Saturday, June 27, 2009

large needle felt landscape and thick cuff of merino and tencel





Experiment....

When I was first learning needle felting, I used some repurposed wool sweaters that I had fulled in the washer as a backing . I wanted to see if I would get a different result using the merino roving as backing instead .

Process...

I laid down several strips of black merino roving west to east and slightly over lapping . I then covered those with a thinner layer going north to south . I needled these together lightly, flipping the whole thing several times . After that compressed about half the depth, I began laying on the blue sky, brown hills, green valley and needled this together . I added some bright mohair for the flowers . Not a lot of detailing in this as I wasn't sure any of this would work .

After getting my sky laid down, I decided it was a bit to intensely blue and looked more like water then sky, so I added a blend of darker blues, whites and blacks to represent storm clouds . My color blending isn't great as I was using some pet brushes for this instead of carding paddles .

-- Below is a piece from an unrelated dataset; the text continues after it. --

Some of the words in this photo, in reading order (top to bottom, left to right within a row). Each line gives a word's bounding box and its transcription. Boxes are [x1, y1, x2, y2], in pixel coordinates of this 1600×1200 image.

Getting the roving to felt...

I began by using a large 8 needle tool which took about two hours and then went over the whole thing inch by inch with a single needle to tighten things up . I left the edges a bit looser to eventually attach to a wool backing .

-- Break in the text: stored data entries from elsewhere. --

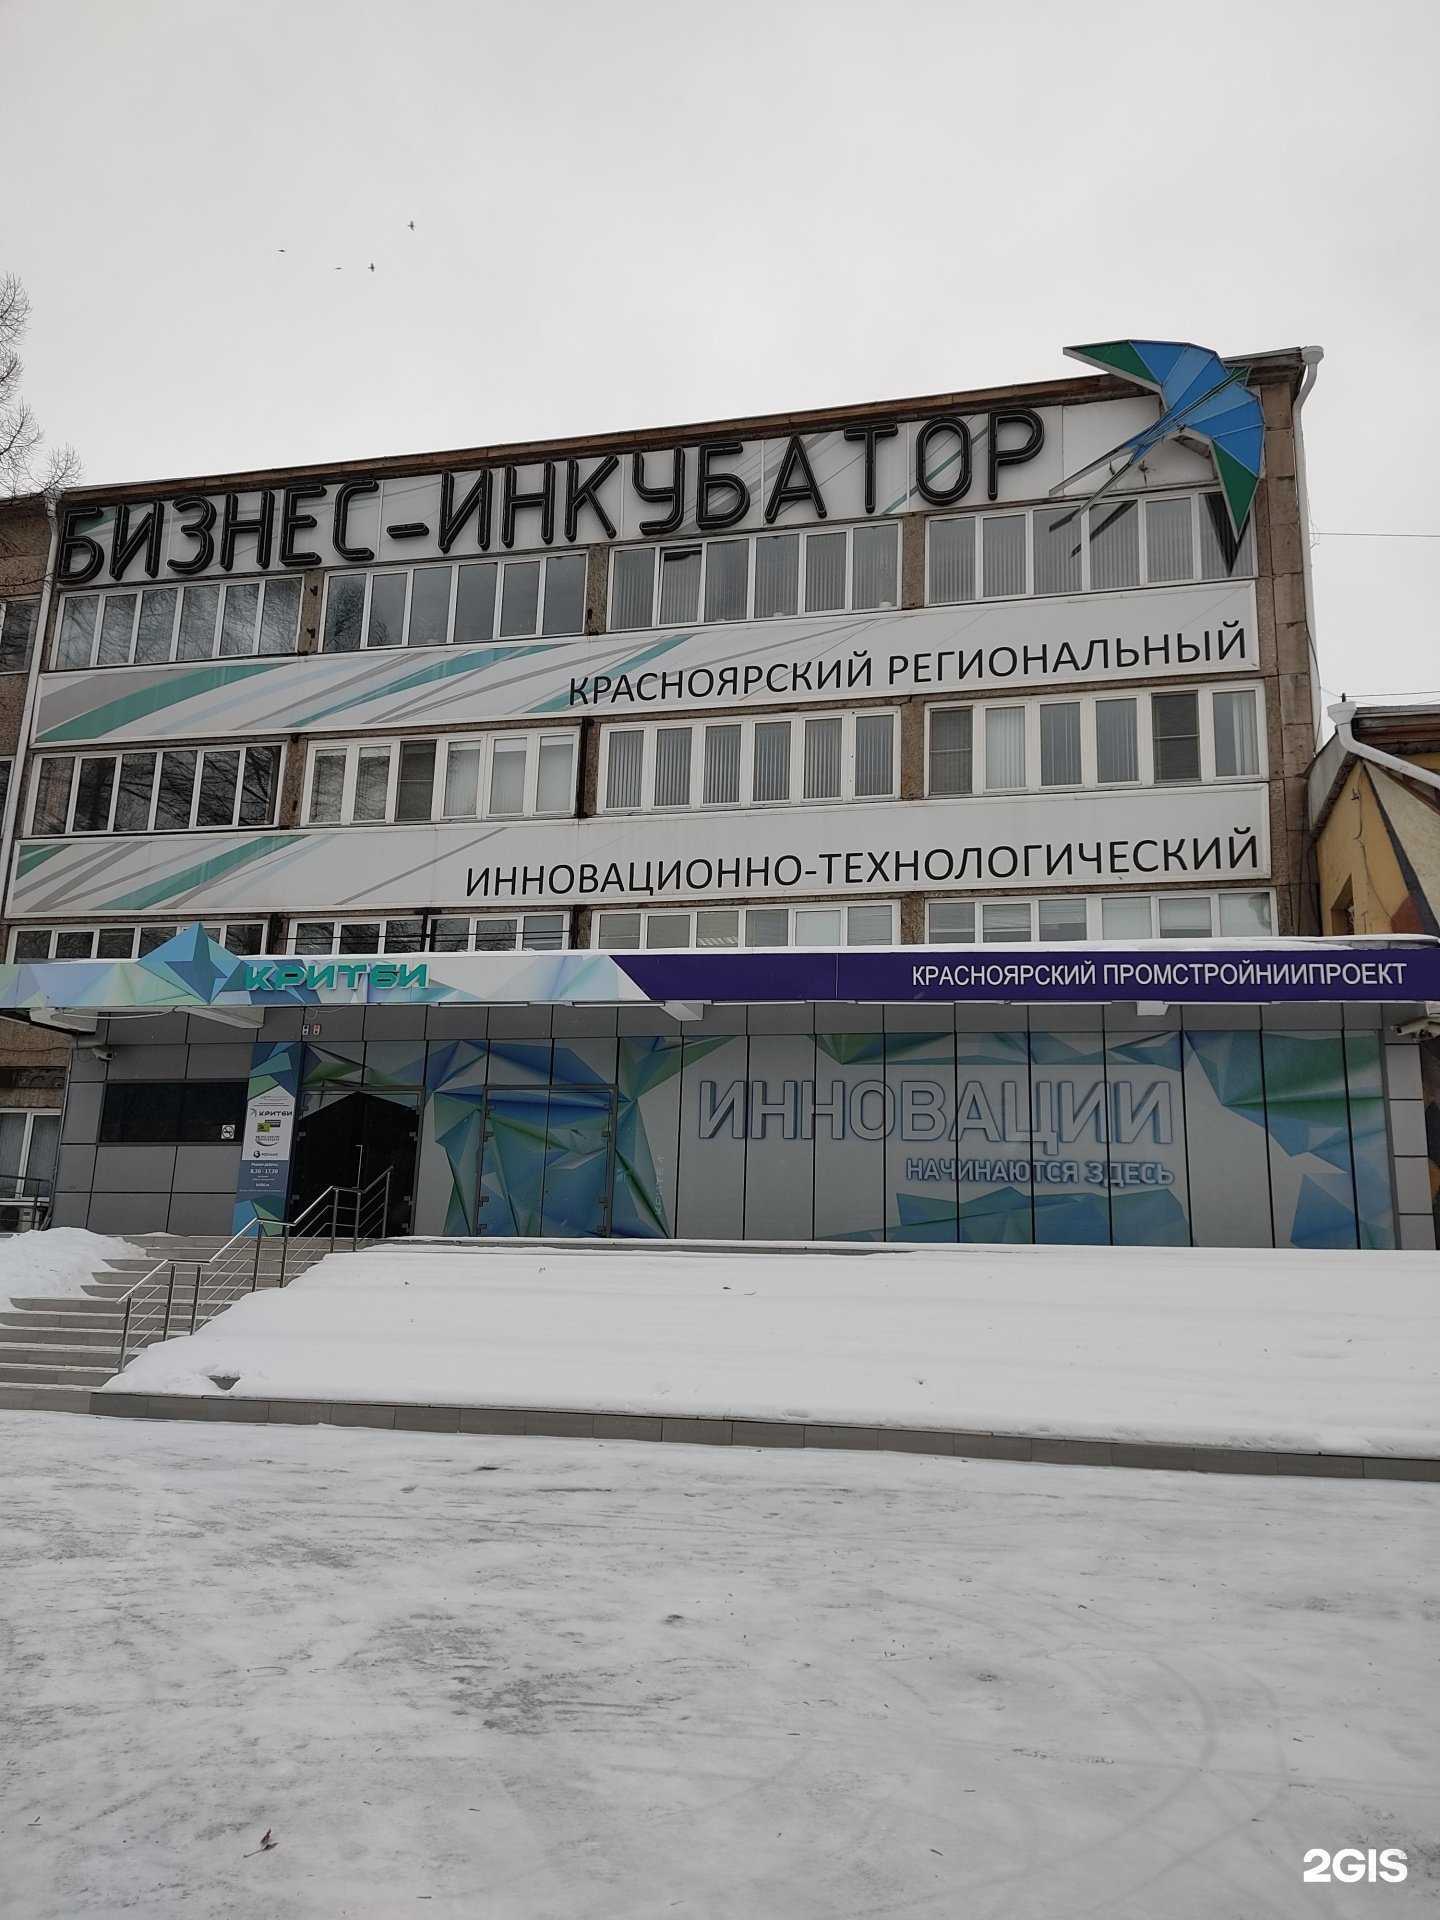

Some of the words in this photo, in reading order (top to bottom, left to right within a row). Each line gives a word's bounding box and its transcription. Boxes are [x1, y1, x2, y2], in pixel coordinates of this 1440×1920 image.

[58, 407, 1044, 584] БИЗНЕС-ИНКУБАТОР
[569, 651, 874, 706] КРАСНОЯРСКИЙ
[888, 620, 1248, 685] РЕГИОНАЛЬНЫЙ
[467, 827, 1258, 898] ИННОВАЦИОННО-ТЕХНОЛОГИЧЕСКИЙ
[245, 963, 429, 990] КРИТБИ
[912, 960, 1097, 986] КРАСНОЯРСКИЙ
[1103, 960, 1407, 986] ПРОМСТРОЙНИИПРОЕКТ
[699, 1080, 1174, 1156] ИННОВАЦИИ
[906, 1158, 1080, 1183] НАЧИНАЮТСЯ
[1084, 1162, 1175, 1188] ЗДЕСЬ

Ok...that took about a minute to describe and 10 hours to do .

Effect....

It defiantly has a different look then felting it to another fabric bit I think the later allows more time for doing detailing while the former takes hours just to get the bottom layer of merino to felt . It's also more difficult to not get the black merino poking through the top layer which looks interesting in the mountains and hills but not so great in a blue sky .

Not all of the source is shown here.